→ **Exercise objective**:
The entries are to be reproduced word for word, with all images left out.

-=-=-=-=-

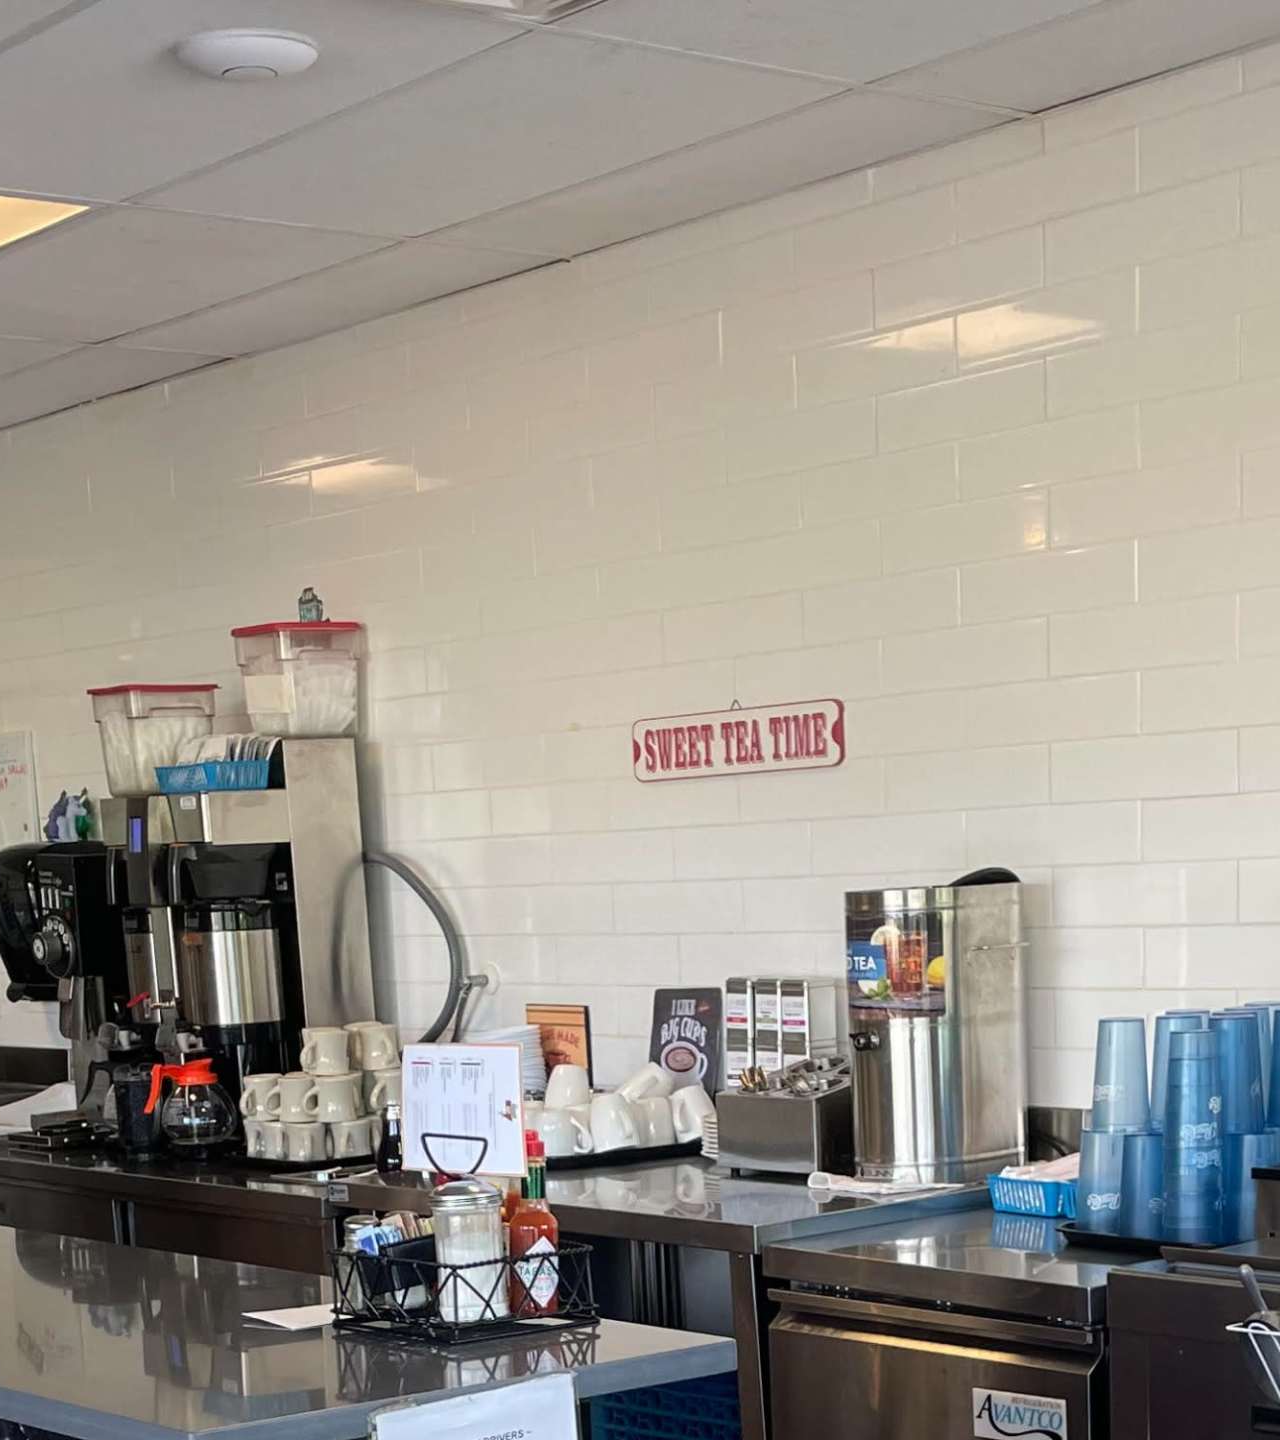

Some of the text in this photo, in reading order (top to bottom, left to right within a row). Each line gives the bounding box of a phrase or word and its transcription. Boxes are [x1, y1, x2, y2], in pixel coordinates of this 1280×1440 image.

[643, 711, 828, 774] SWEET TEA TIME
[853, 956, 877, 971] TEA
[660, 1016, 708, 1048] BIG CUPS
[975, 1393, 1064, 1434] AVANTCO
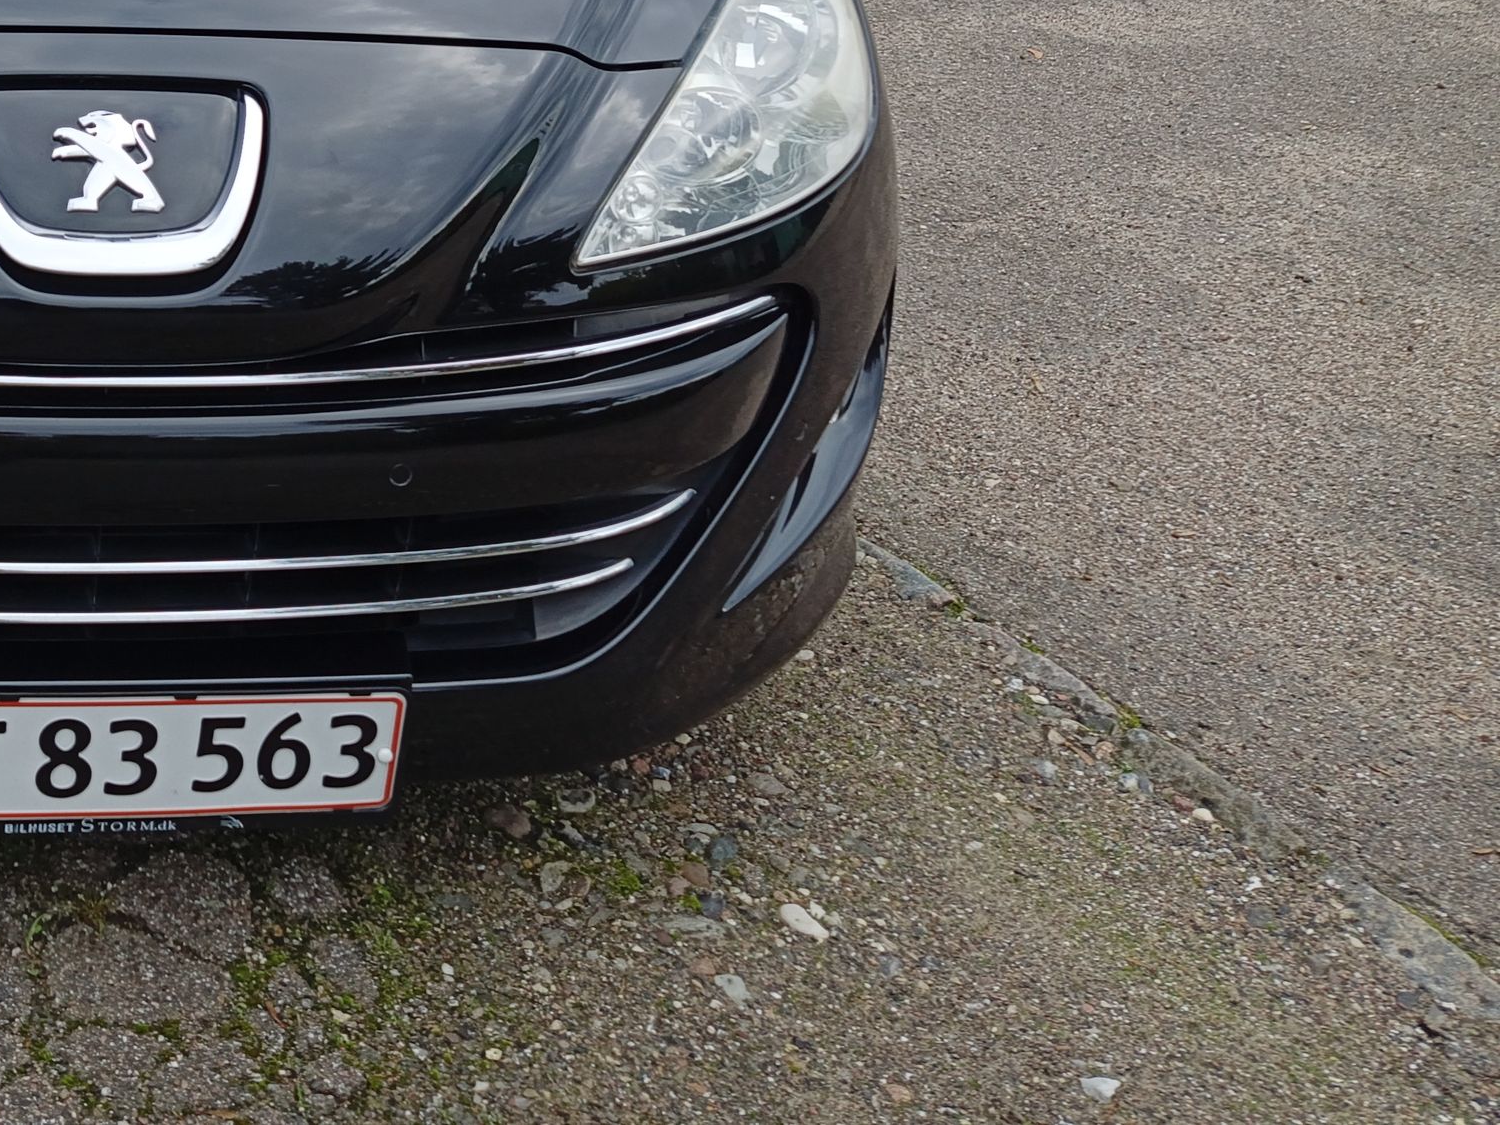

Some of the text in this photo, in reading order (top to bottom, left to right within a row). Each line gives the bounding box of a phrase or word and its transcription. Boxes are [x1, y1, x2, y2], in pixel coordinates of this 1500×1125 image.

[35, 718, 159, 798] 83
[191, 712, 378, 793] 563
[4, 822, 75, 834] BILHUSET

-=-=-=-=-

→ **Solution**:
Some of the text in this photo, in reading order (top to bottom, left to right within a row). Each line gives the bounding box of a phrase or word and its transcription. Boxes are [x1, y1, x2, y2], in pixel coordinates of this 1280×1440 image.

[643, 711, 828, 774] SWEET TEA TIME
[853, 956, 877, 971] TEA
[660, 1016, 708, 1048] BIG CUPS
[975, 1393, 1064, 1434] AVANTCO

Some of the text in this photo, in reading order (top to bottom, left to right within a row). Each line gives the bounding box of a phrase or word and its transcription. Boxes are [x1, y1, x2, y2], in pixel coordinates of this 1500×1125 image.

[35, 718, 159, 798] 83
[191, 712, 378, 793] 563
[4, 822, 75, 834] BILHUSET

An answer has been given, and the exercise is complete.